En el curro se da una lucha interna para contener y no sucumbir al poder de los sentimientos, rellenando un Excel como si no pasara nada mientras nuestro cerebro está navegando una y otra vez en una espiral de información deprimente y autodestructiva. Gente manteniendo la compostura cuando por dentro están en llamas. “Sí, Laura, ahora te paso el informe de pagos”, pronuncia con una voz un poco más débil de lo normal después de carraspear y frotarse un poco el ojo. Trabajar insuflado de tristeza es lo peor.
Cuando tengamos ganas de llorar pero no queramos que nos vean porque estamos en el trabajo, por mucho que nuestros llantos sean lícitos y justos, tenemos varias alternativas. Está el clásico de llorar en el baño, ahí podemos estar un buen rato, pero sin pasarnos, porque, si no, podemos llamar la atención. Ahí mismo podemos lavarnos la cara y fingir que “todo va bien”. Incluso, para añadir la guinda del disimulo, al salir del baño podemos hacer esa pantomima de subirnos la bragueta del pantalón como si hubiéramos meado.
Nadie se dará cuenta y no sucederá eso tan incómodo de que se acerque la “persona más sensible de la oficina” a preguntarte: “¿Estás bien?”. Como mucho, la peña se limitará a seguir con la mirada vuestro recorrido por la oficina y luego seguirán trabajando. Todos pensarán que estás bien, que estás de puta madre, que es nuestro objetivo. Aquí no ha pasado nada, nadie descubrirá que estamos emocionalmente destruidos al haber recibido la primera nota de rechazo de nuestro primer guion titulado Follar con la muerte, el trabajo de cinco años que creíamos que catapultaría nuestra carrera como prestigiosos guionistas de cine; “el nuevo Kaufman”, pensábamos.

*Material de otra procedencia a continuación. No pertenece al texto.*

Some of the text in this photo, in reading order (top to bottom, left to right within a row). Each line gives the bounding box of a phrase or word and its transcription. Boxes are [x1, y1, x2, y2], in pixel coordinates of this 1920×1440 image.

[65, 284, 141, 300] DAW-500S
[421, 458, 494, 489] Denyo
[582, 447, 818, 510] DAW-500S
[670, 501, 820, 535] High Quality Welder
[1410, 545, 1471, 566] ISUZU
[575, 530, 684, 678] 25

También podéis “bajar a fumar” o ir a compraros “un bocadillo para desayunar” y aprovechar para llorar en la calle, incluso gritar. Otro truco que siempre me funciona muy bien cuando lloro en la oficina es lo de fingir que estoy riendo por una cosa muy graciosa que acabo de ver en internet. Busco un YouTube cachondo para justificar “la risa” y me pongo a llorar soltando alguna risa forzada por ahí. Se trata de mezclar el llanto y la risa, como un cubata indigesto; buscar ese punto en el que ambos actos se confunden. Esto requiere un nivel de profesionalidad extremo porque si pillan que realmente estáis llorando pensarán que estáis completamente desquiciados.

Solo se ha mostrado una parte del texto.